__PROBLEM DESCRIPTION__: Only one stretch of lines is wanted: the line with "this 1600×1200 image." through the final line of the material. Restate it word for word, minus pictures.

__DATA FOR THIS TASK__:
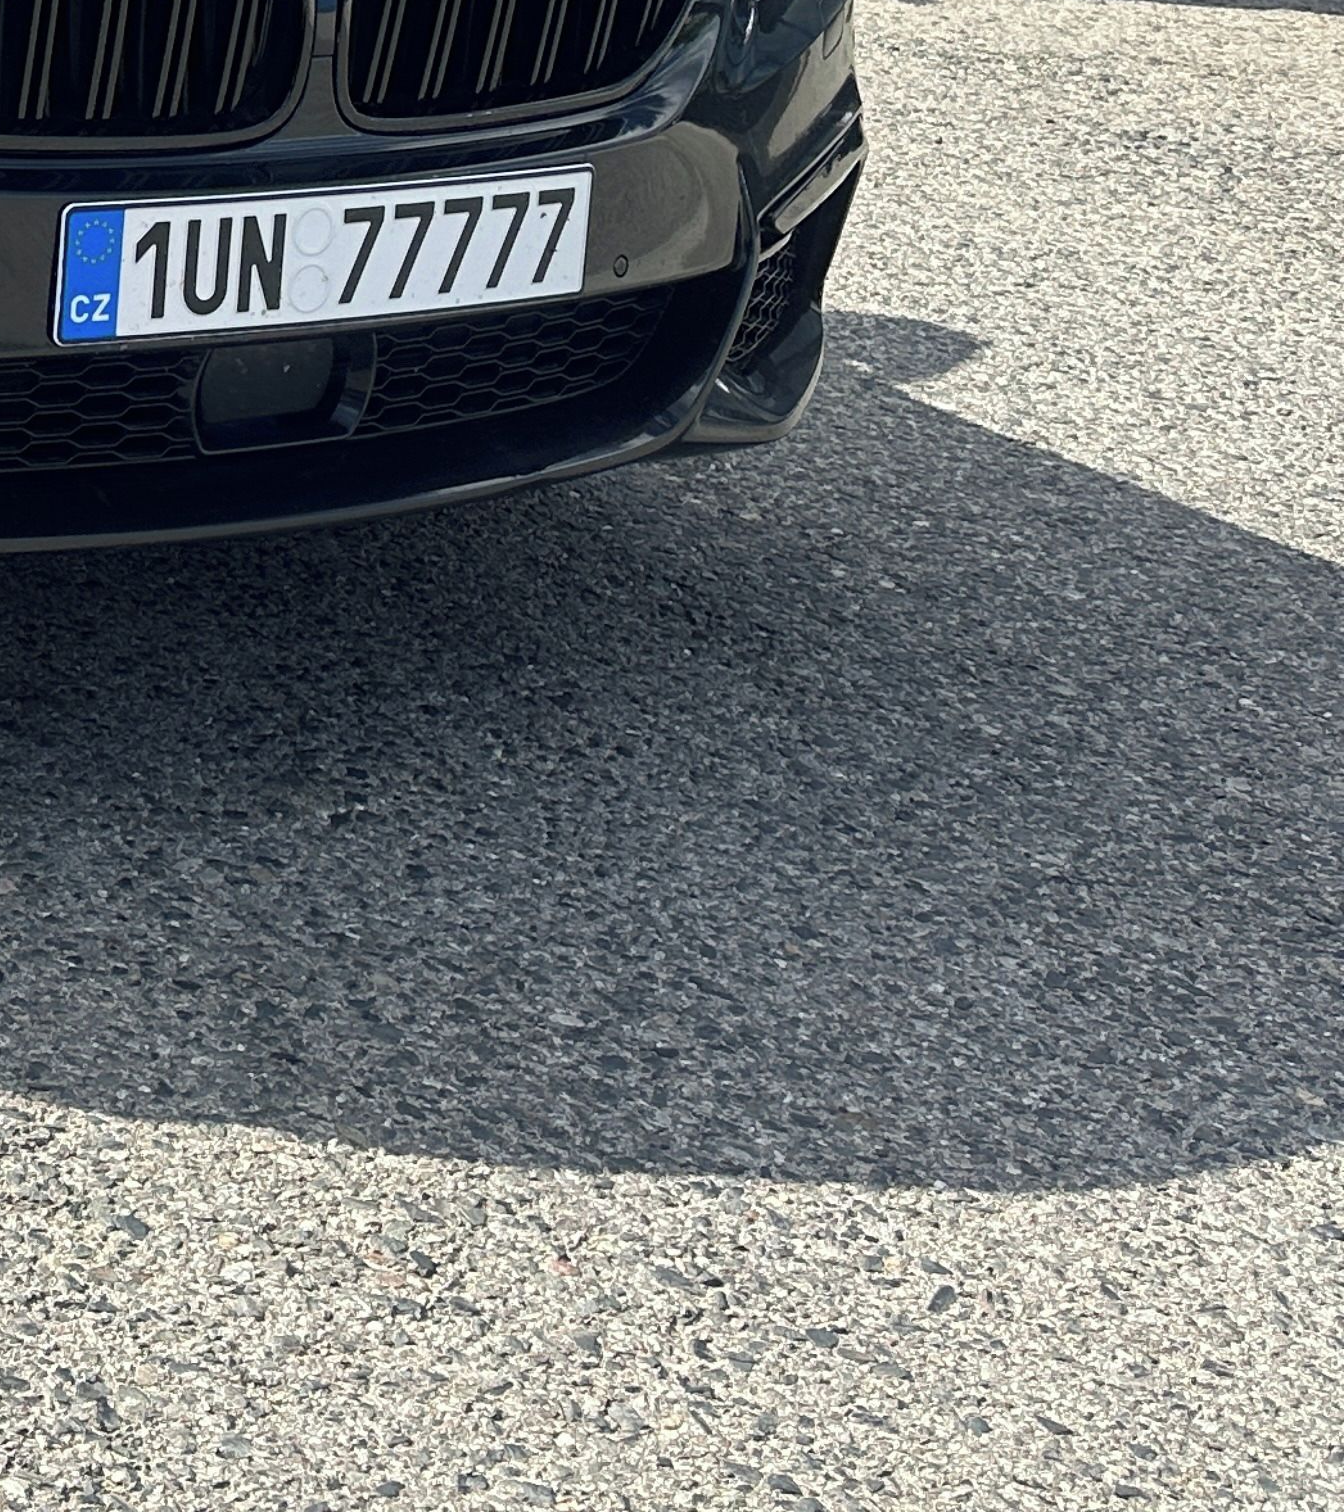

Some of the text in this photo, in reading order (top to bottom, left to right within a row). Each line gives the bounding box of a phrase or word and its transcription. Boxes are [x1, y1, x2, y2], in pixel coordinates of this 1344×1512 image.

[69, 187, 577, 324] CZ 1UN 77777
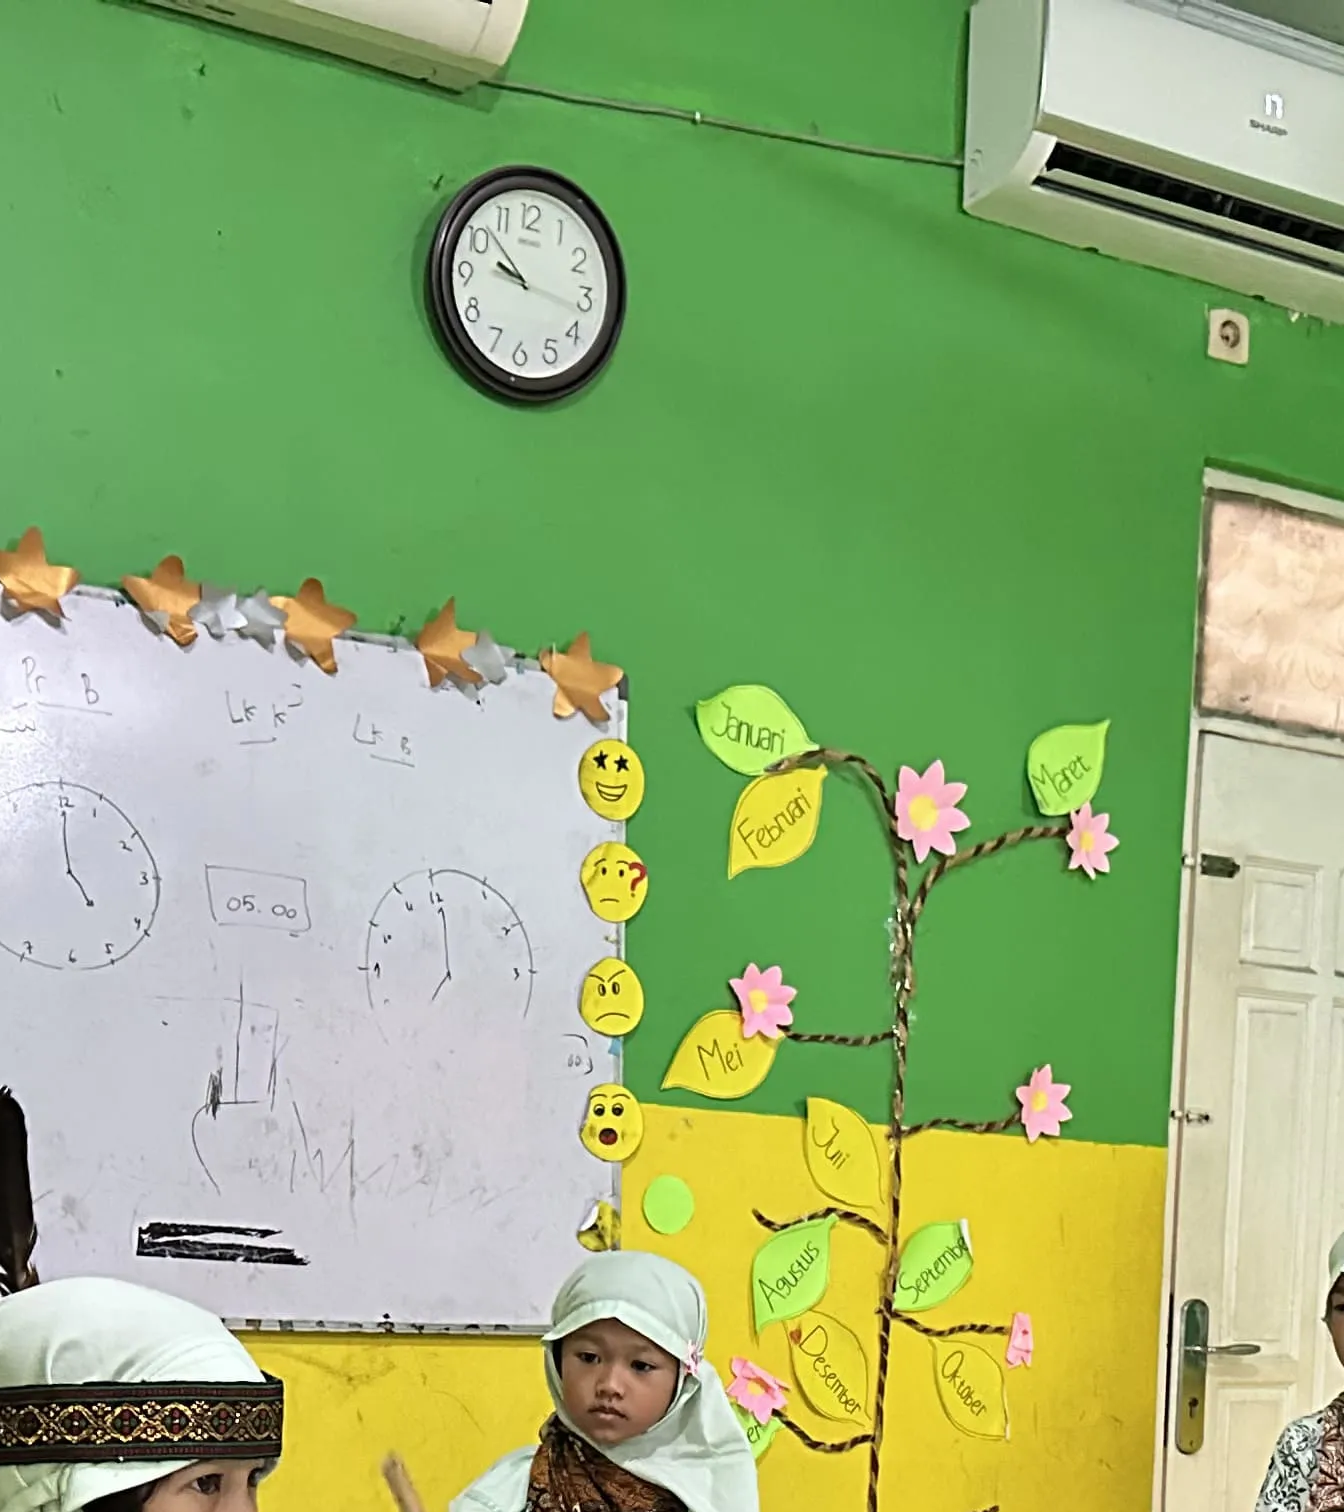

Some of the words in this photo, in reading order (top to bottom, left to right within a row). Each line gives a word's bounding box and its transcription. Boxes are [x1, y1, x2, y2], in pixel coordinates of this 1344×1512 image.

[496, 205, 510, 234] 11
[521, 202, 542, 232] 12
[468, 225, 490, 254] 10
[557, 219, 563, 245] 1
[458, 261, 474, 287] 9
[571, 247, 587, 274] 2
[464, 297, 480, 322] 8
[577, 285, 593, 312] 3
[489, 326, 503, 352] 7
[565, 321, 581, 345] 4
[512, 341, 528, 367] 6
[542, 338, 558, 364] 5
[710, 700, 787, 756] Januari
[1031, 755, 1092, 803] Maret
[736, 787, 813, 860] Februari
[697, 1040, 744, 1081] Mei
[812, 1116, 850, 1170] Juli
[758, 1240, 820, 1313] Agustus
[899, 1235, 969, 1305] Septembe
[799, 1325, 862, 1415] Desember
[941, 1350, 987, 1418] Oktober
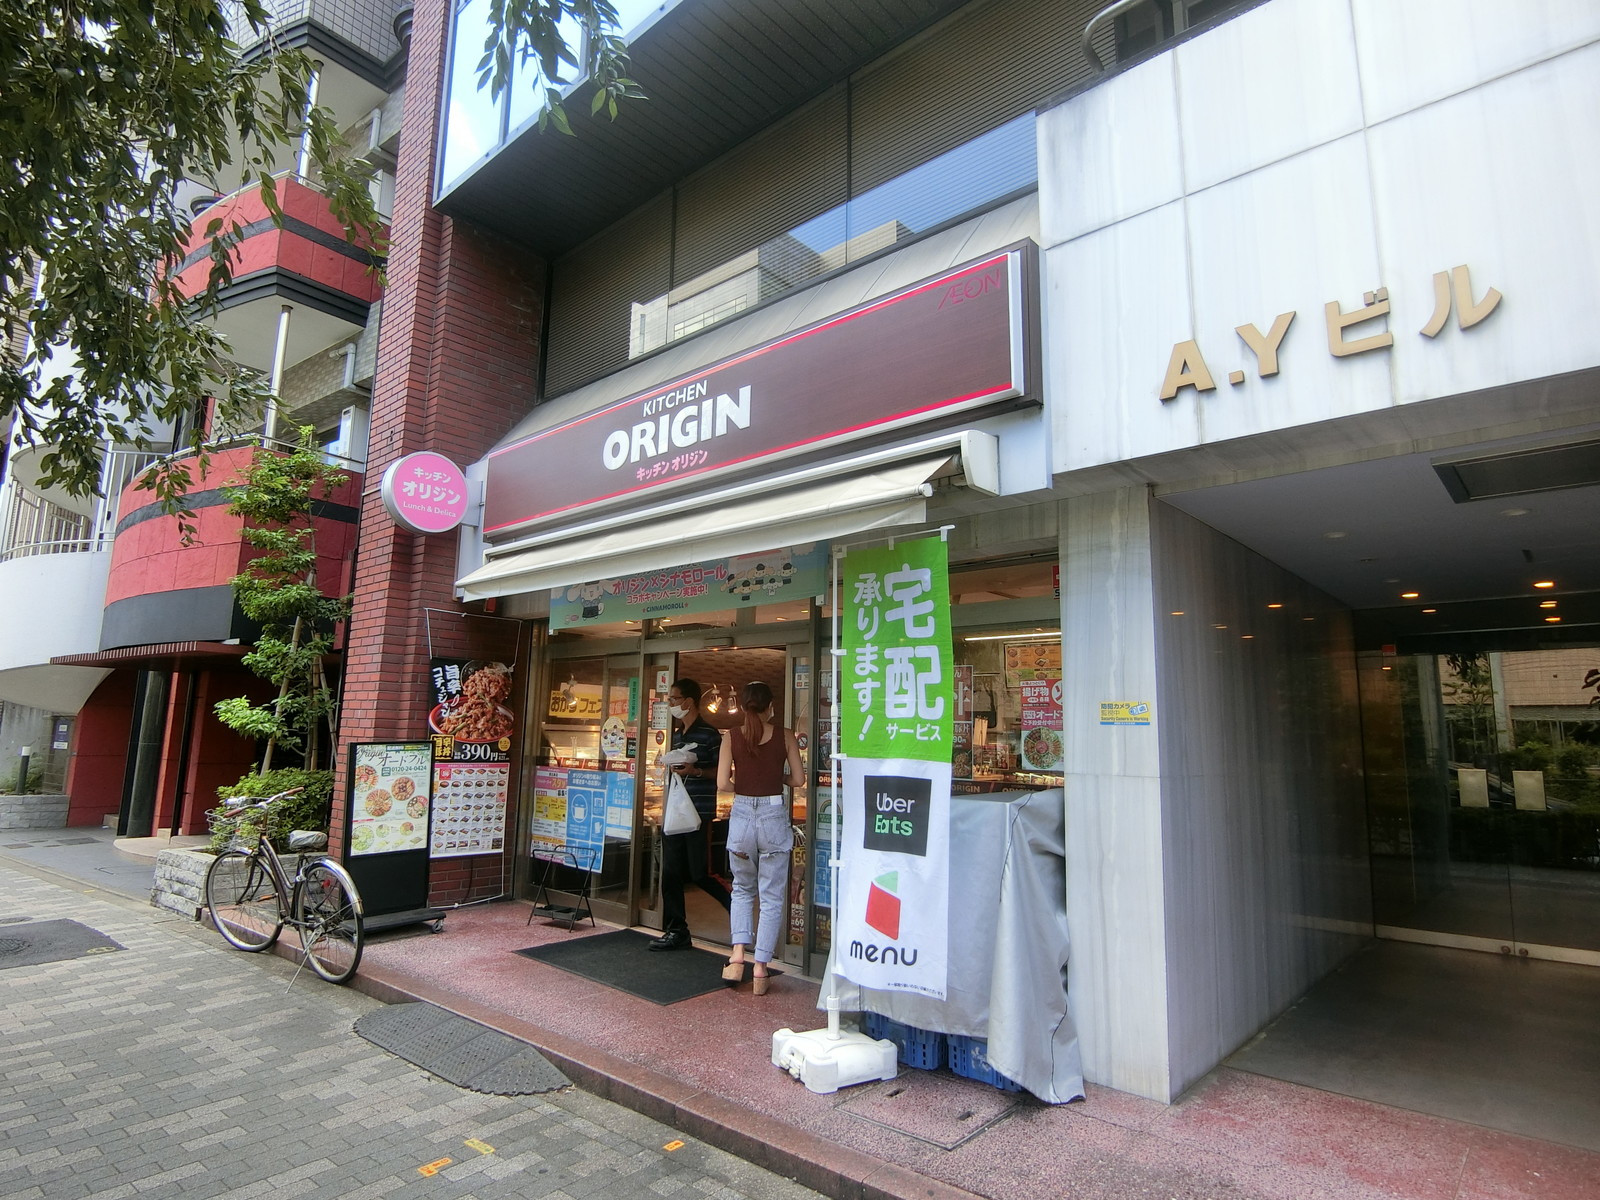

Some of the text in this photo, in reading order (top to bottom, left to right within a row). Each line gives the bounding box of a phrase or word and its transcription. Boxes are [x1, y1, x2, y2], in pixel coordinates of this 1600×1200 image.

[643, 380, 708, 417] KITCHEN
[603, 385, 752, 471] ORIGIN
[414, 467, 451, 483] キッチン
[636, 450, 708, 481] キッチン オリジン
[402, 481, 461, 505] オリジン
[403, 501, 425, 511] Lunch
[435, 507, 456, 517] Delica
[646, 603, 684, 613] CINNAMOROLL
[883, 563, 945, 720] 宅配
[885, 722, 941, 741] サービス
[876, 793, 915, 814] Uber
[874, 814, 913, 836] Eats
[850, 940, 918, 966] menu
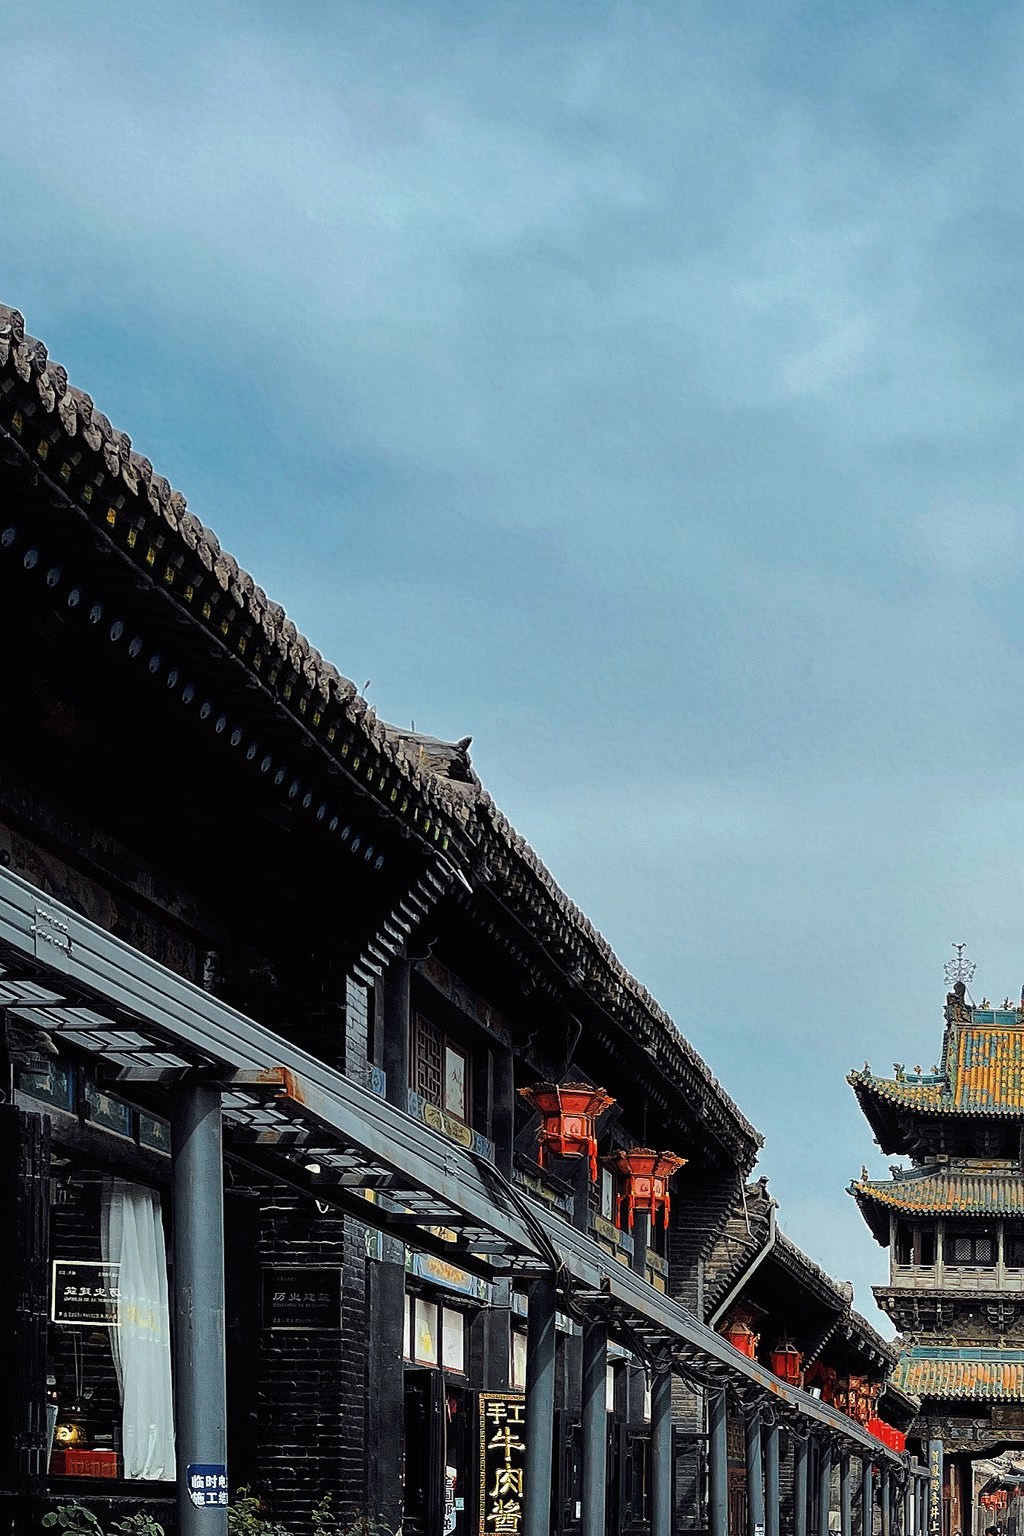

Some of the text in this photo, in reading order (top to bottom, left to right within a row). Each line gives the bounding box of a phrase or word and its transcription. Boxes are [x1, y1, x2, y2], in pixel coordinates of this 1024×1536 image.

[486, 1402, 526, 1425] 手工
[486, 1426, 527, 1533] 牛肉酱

__RESPONSE TO THE TASK__:
Some of the text in this photo, in reading order (top to bottom, left to right within a row). Each line gives the bounding box of a phrase or word and its transcription. Boxes are [x1, y1, x2, y2], in pixel coordinates of this 1600×1200 image.

[643, 380, 708, 417] KITCHEN
[603, 385, 752, 471] ORIGIN
[414, 467, 451, 483] キッチン
[636, 450, 708, 481] キッチン オリジン
[402, 481, 461, 505] オリジン
[403, 501, 425, 511] Lunch
[435, 507, 456, 517] Delica
[646, 603, 684, 613] CINNAMOROLL
[883, 563, 945, 720] 宅配
[885, 722, 941, 741] サービス
[876, 793, 915, 814] Uber
[874, 814, 913, 836] Eats
[850, 940, 918, 966] menu

Some of the text in this photo, in reading order (top to bottom, left to right within a row). Each line gives the bounding box of a phrase or word and its transcription. Boxes are [x1, y1, x2, y2], in pixel coordinates of this 1024×1536 image.

[486, 1402, 526, 1425] 手工
[486, 1426, 527, 1533] 牛肉酱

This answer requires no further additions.